ГАЕВСКИЙ: Идея повествовательного нарративного спектакля оказалась идеей злосчастной. Содержание «Спящей красавицы» занимает полстранички текста – фабульное содержание. «Жизель» излагается в двух словах. Чтобы рассказать, что происходит в балете «Золотой век», требуется уже целое умение. Многоактные балеты Петипа строились на основе очень больших ансамблевых композиций, где какой-то образ, состояние, ситуация трансформировались по законам симфонического развития. Есть знаменитая формула Бетховена, которой подчинялся поздний Петипа, кстати сказать, очень хорошо знающий Бетховена: пять процентов темы и девяносто пять процентов разработки. И если вместо слова «тема» употребить слово «фабула», получится структура балетов Петипа. А мы в конце концов пришли к обратному соотношению: фабульное содержание, фабульная материя захватывает почти все пространство спектакля, а симфоническая ее разработка ютится где-то – во всяком случае, не становится центральной задачей. Короче говоря, повествовательный балет уничтожил – не мог не уничтожить – балет хореографический. Но, несмотря на это, подлинное искусство все же иногда возникало. Например, в целом не очень удачная «Ангара» Григоровича начиналась красивым большим, почти на целый акт, вступлением – темой Ангары, темой реки как некоей стихии. В этой сцене не было никакой фабулы, там было симфоническое, на балетном языке представленное, хореографическое претворение этого образа. Но дальше возникали довольно запутанные перипетии, в которых, как в классическом драмбалете, хореография делалась не очень-то и нужной. Что такое балет «Иван Грозный»? То же самое, это балет интриги, это почти Скриб, только Скриб трагический. Это балет, основанный, на, кстати говоря, недостоверной легенде о том, что Анастасия была умерщвлена Курбским из ревности к Ивану Грозному. Балет «Иван Грозный» – это подробный (некоторым образом в полемике с Эйзенштейном) рассказ о боярском заговоре.

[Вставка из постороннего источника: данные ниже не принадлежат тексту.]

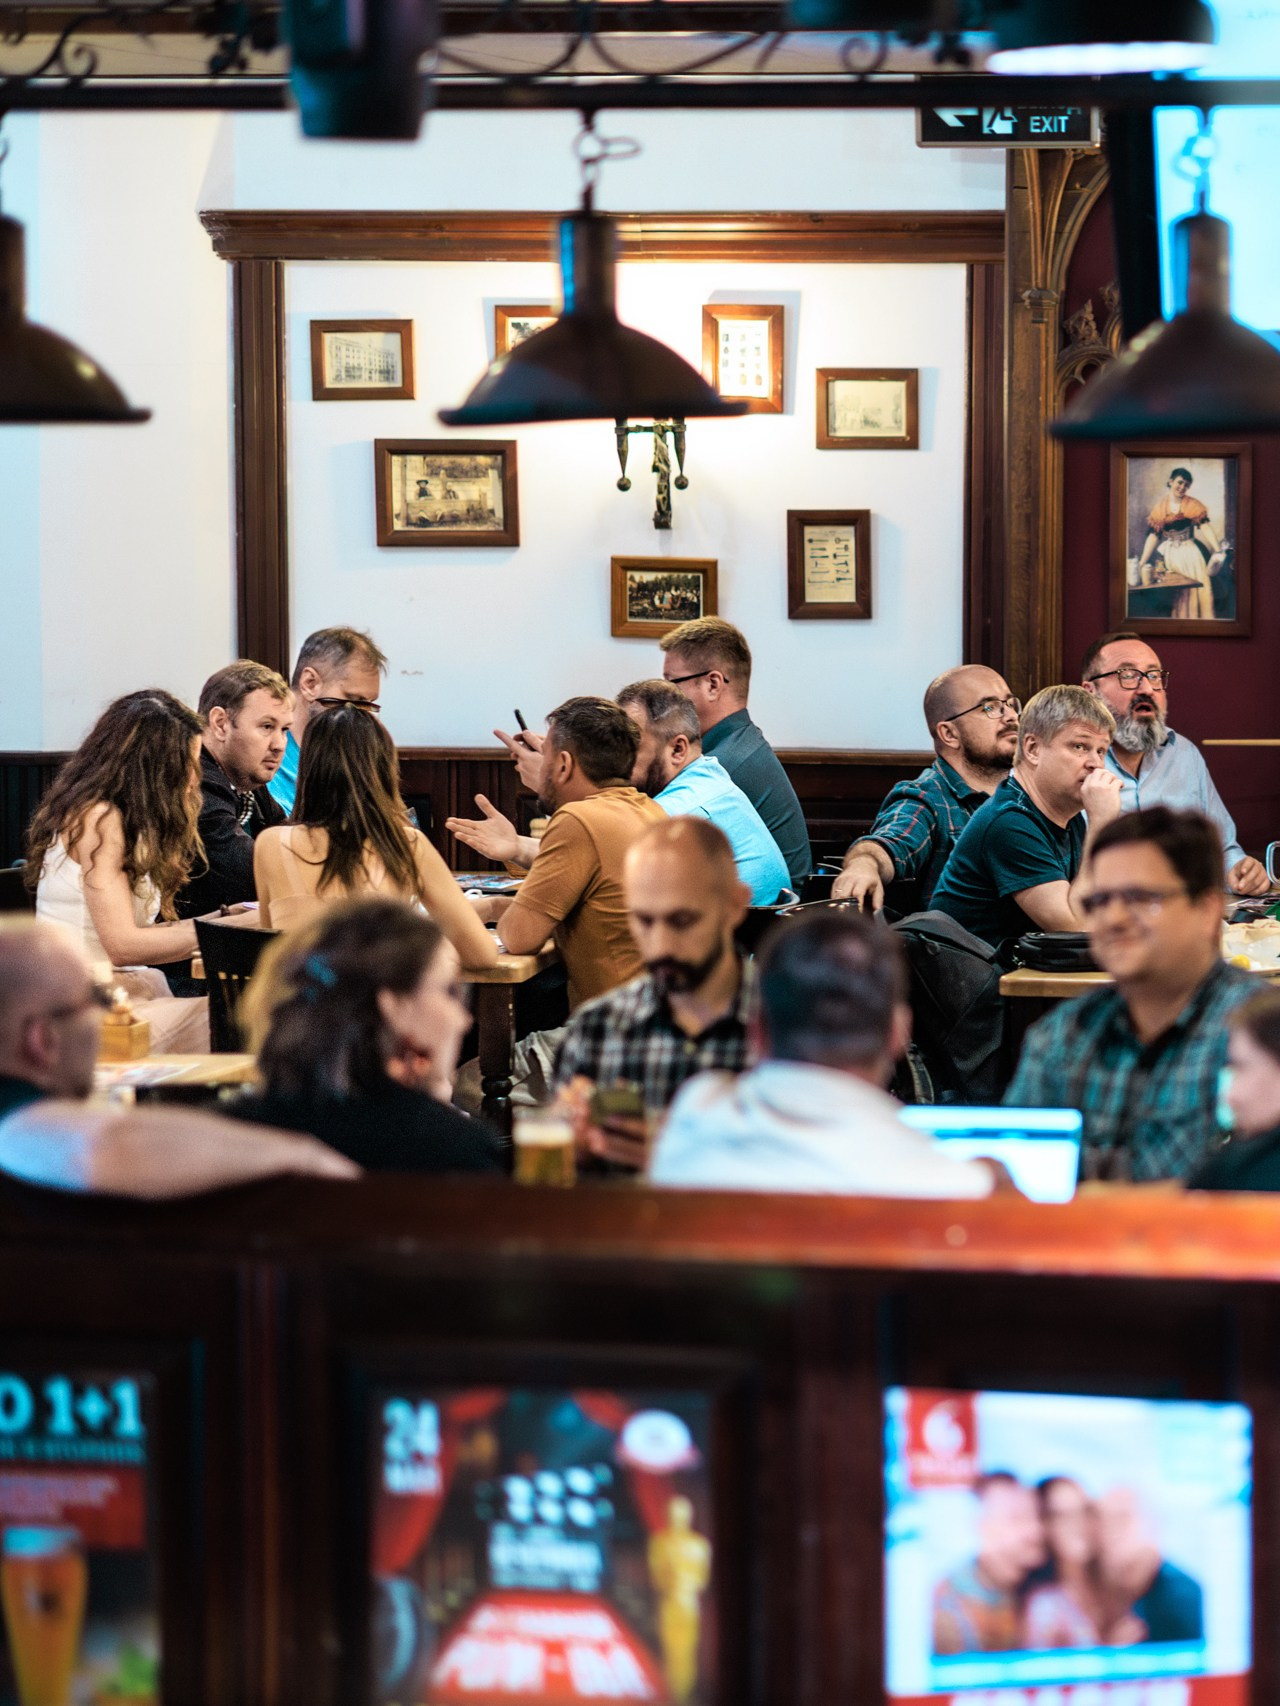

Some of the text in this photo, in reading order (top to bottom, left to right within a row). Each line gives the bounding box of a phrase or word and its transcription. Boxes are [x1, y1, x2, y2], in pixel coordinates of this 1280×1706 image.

[1029, 115, 1069, 133] EXIT
[45, 1375, 145, 1438] 1+1
[383, 1398, 440, 1460] 24
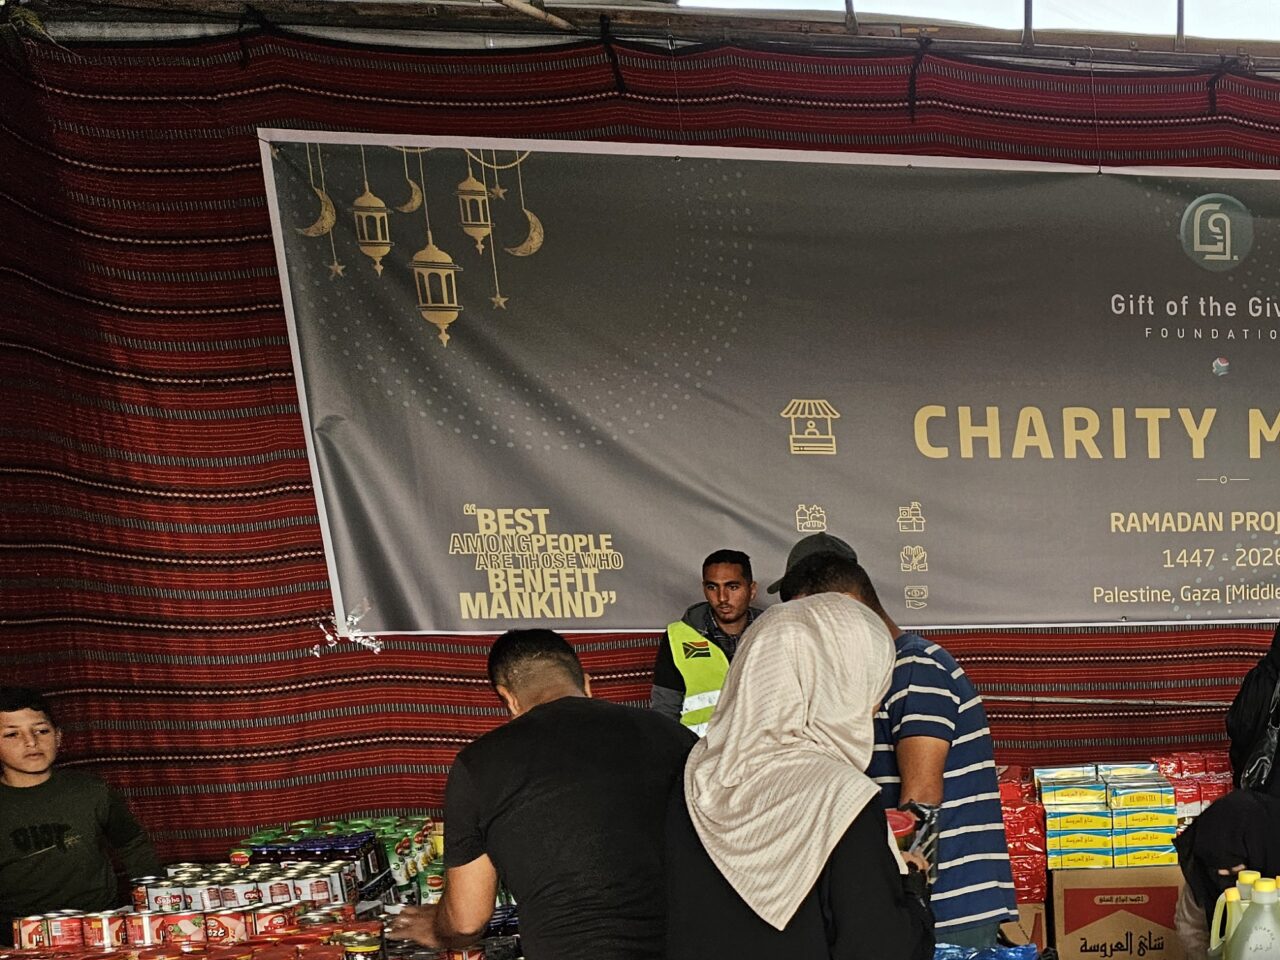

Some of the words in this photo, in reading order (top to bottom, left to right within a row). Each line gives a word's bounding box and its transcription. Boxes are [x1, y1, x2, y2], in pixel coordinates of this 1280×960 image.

[1111, 294, 1154, 315] Gift
[1166, 296, 1188, 316] of
[1199, 296, 1236, 317] the
[913, 405, 1217, 459] CHARITY
[1110, 512, 1223, 533] RAMADAN
[449, 533, 532, 554] AMONG
[531, 534, 613, 554] PEOPLE
[475, 552, 513, 570] ARE
[518, 552, 576, 569] THOSE
[579, 551, 624, 570] WHO
[1162, 549, 1214, 568] 1447
[488, 568, 599, 593] BENEFIT
[1093, 587, 1175, 604] Palestine,
[1180, 586, 1220, 602] Gaza
[1080, 932, 1133, 957] العروسة

ГЕРШЕНЗОН: Почему так происходит? Не кажется ли вам, что страсть к повествовательному балету – это продолжение литературоцентристской традиции русской культуры? Не кажется ли вам, что собственно движение, собственно хореография – все это просто несовместимо с русским художественным сознанием? Между прочим, назовите мне великих русских хореографов par excellence? Петипа – француз.
Фокин? Поначалу он двигался в, так сказать, верном направлении: «Шопениана I» отличается от «Шопенианы II» исчезновением именно повествовательного элемента. Но потом (кстати, не без влияния дягилевских интеллектуалов), будто чего-то испугавшись, Фокин резко сменил курс, сделал шаг в сторону новой нарративности. И полились кровь «Шехеразады», яды «Клеопатры»…

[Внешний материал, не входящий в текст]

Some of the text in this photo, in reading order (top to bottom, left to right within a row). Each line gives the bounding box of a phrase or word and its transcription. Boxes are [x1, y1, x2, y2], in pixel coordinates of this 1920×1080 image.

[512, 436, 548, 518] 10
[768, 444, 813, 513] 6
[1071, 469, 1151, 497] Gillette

ГАЕВСКИЙ: А Лев Иванов кем был? А Баланчин? Федор Васильевич Лопухов? Касьян Ярославович Голейзовский?
ГЕРШЕНЗОН: Да, но какова их судьба? Что было бы в России с Баланчиным? Что стало в России с Лопуховым и Голейзовским?
ГАЕВСКИЙ: Их судьбы объясняются внехудожественными обстоятельствами. Прежде всего – идеологической установкой на традиционализм и разгромом всех экспериментальных начинаний в советском искусстве.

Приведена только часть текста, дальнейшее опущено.